Automated District-Level Energy Demand Modeling Using EnergyPlus Empowered by Digital Twin Technology
Keywords: Geosimulation, Urban Energy Demand, Digital Twin, EnergyPlus automation, Decision support systems
Abstract. The global shift toward decentralization and decarbonization in the energy sector demands robust tools for accurately simulating building energy demand at the district scale. Although EnergyPlus is well-regarded for its detailed building-level modeling, it poses challenges when extended to larger districts with diverse building typologies. This paper presents both a conceptual architecture and a working prototype of an automated pipeline that addresses these limitations.
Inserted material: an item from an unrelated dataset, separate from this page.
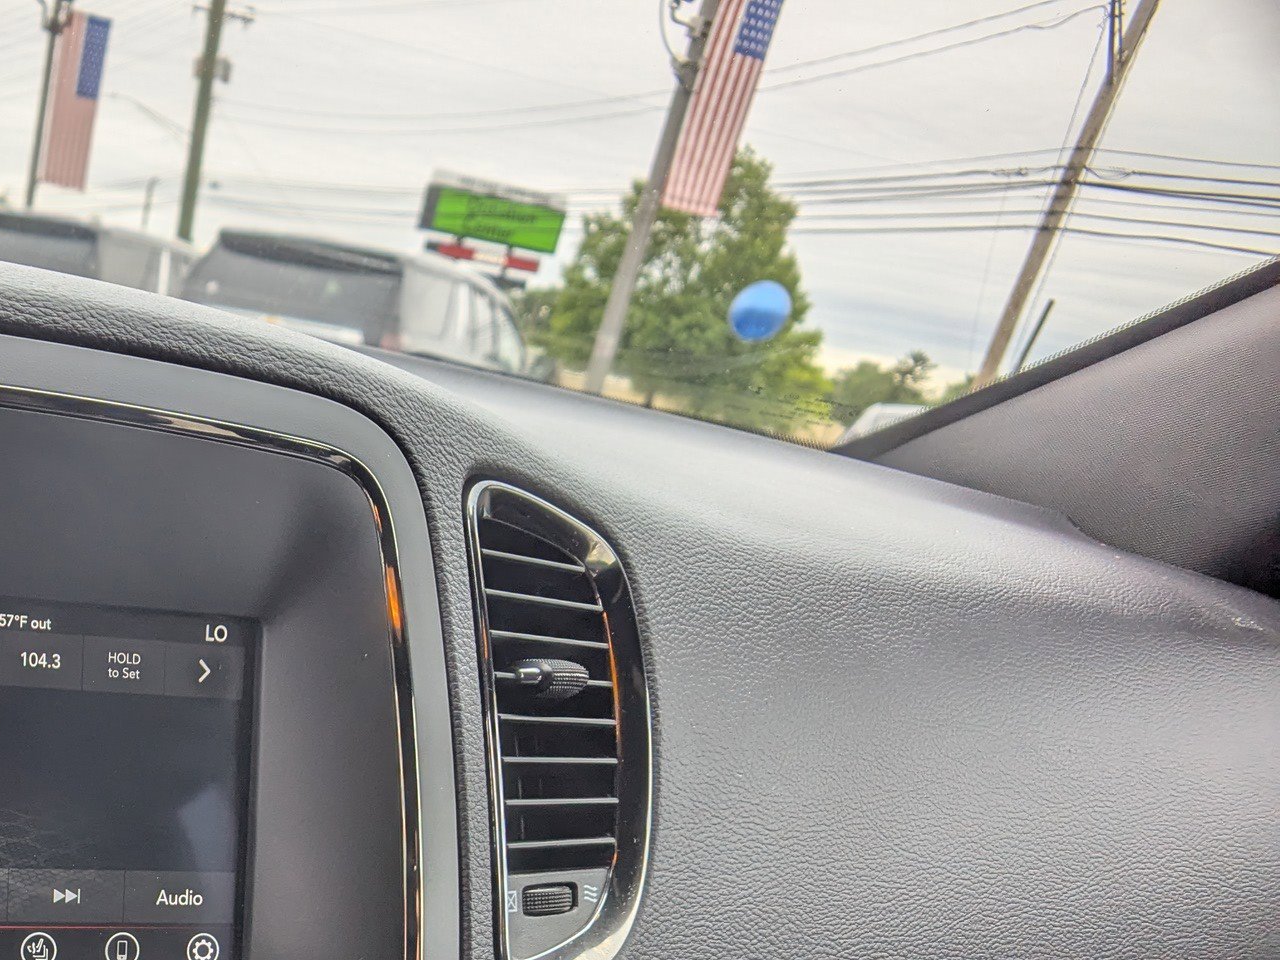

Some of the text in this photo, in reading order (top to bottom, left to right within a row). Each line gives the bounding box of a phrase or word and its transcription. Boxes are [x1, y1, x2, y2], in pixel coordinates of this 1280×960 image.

Leveraging open-access geo-spatial and non-spatial data from the Netherlands—including over 10 million buildings—the pipeline seamlessly scales EnergyPlus simulations to the district level. The system employs the OGC 3D Tiles standard for efficient streaming and real-time visualization of simulation results across a nationwide 3D Tileset. Implemented in Python and tested on local machines, the pipeline is poised for cloud-based deployment to further enhance scalability and performance. By integrating a digital twin for real-time monitoring and scenario testing, the approach enables efficient bulk operations, interactive decision support, and clearer insights into urban-scale energy consumption patterns. The resulting automation and scalable workflows offer valuable contributions to sustainable urban planning, ensuring that efficiency opportunities can be quickly identified and acted upon at multiple spatial scales.